AnimeSuki
- Website type: Anime torrent index
- Available in: English
- Owner: GHDpro
- Creator: GHDpro
- Website: www.animesuki.com
- Commercial: No
- Launched: December 26, 2002; 23 years ago
- Current status: Active

= AnimeSuki =

Torrent index and forum website

AnimeSuki (from Japanese anime and suki (好き)) is a website and once considered "... the largest database of BitTorrent anime shows" that focused on providing unlicensed anime fansubs using the BitTorrent peer-to-peer system. The website was created by GHDpro on December 26, 2002. Animesuki was not a tracker; instead, it provided links to many trackers across the web. It did not list pornography or series that had been licensed in North America. However, in 2013 it stopped maintaining its database of torrents, and the forums remain as the only active part of the site.

==Legal status==
The site only linked to anime that had not been licensed by any American companies. Once a title was licensed, the corresponding fansub links were removed from the site and the series was listed on its licensed list. Nonetheless, although none of the files were hosted on the site itself, AnimeSuki could be held accountable for violating copyright law, as linking to sites that themselves infringe on the law has been considered a form of contributory infringement in the United States (Intellectual Reserve v. Utah Lighthouse Ministry).

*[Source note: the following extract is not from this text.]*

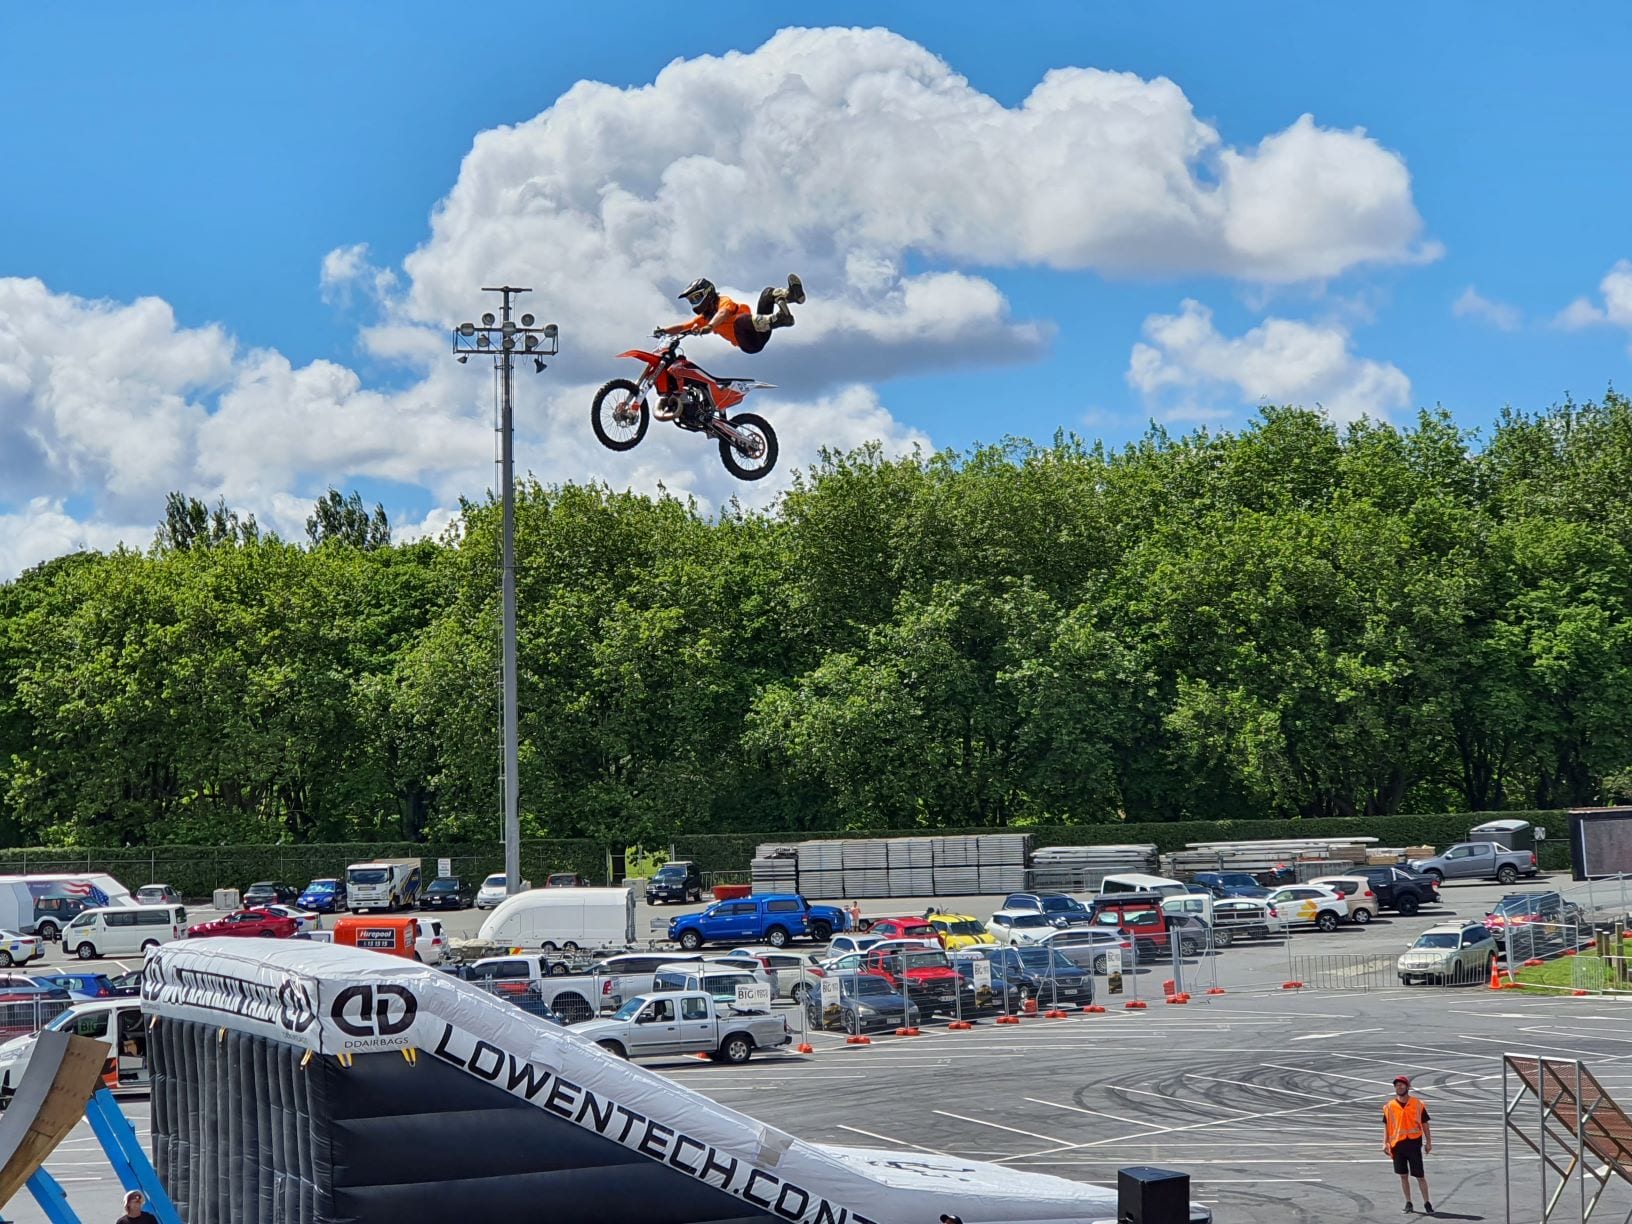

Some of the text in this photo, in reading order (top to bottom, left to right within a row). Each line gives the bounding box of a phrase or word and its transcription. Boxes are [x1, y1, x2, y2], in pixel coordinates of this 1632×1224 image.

Though fansubs are technically copyright violations, AnimeSuki's legal page alleges that the WTO TRIPS Agreement specifies that the distribution of copyrighted material is only necessarily illegal when done on a commercial scale, thus making it difficult for anyone besides the copyright holder to prosecute fansubbers. To date, only one Japanese company, Media Factory, has requested its content removed from the site. However, Funimation and Kadokawa Pictures USA have also sent them separate cease and desist letters concerning several titles, which were promptly removed. In Singapore, Odex has targeted AnimeSuki's users with legal action.

AnimeSuki was also known for erring on the side of caution regarding licenses. Even though some series such as Hanaukyo Maids were not initially licensed, AnimeSuki kept them from being listed because of the likelihood that Geneon would secure the rights to it.

==Present==
Over time, AnimeSuki experienced a decline in new fansub entries, due to various changes in online anime distribution, such as preference to download episodes directly from translators' websites, competition with other database websites, frequent updates, and disbandment of translation groups. Fan translations have further declined, as more anime became licensed and professionally translated for official release worldwide. And since the growing popularity of video streaming websites such as Crunchyroll, HIDIVE, Amazon Prime Video and Netflix, which provide licensed anime and can stream to smartphones, AnimeSuki has ceased all updates and activity.

As of February 15, 2019, the main website is closed. However, as of 2026, the discussion boards remain active.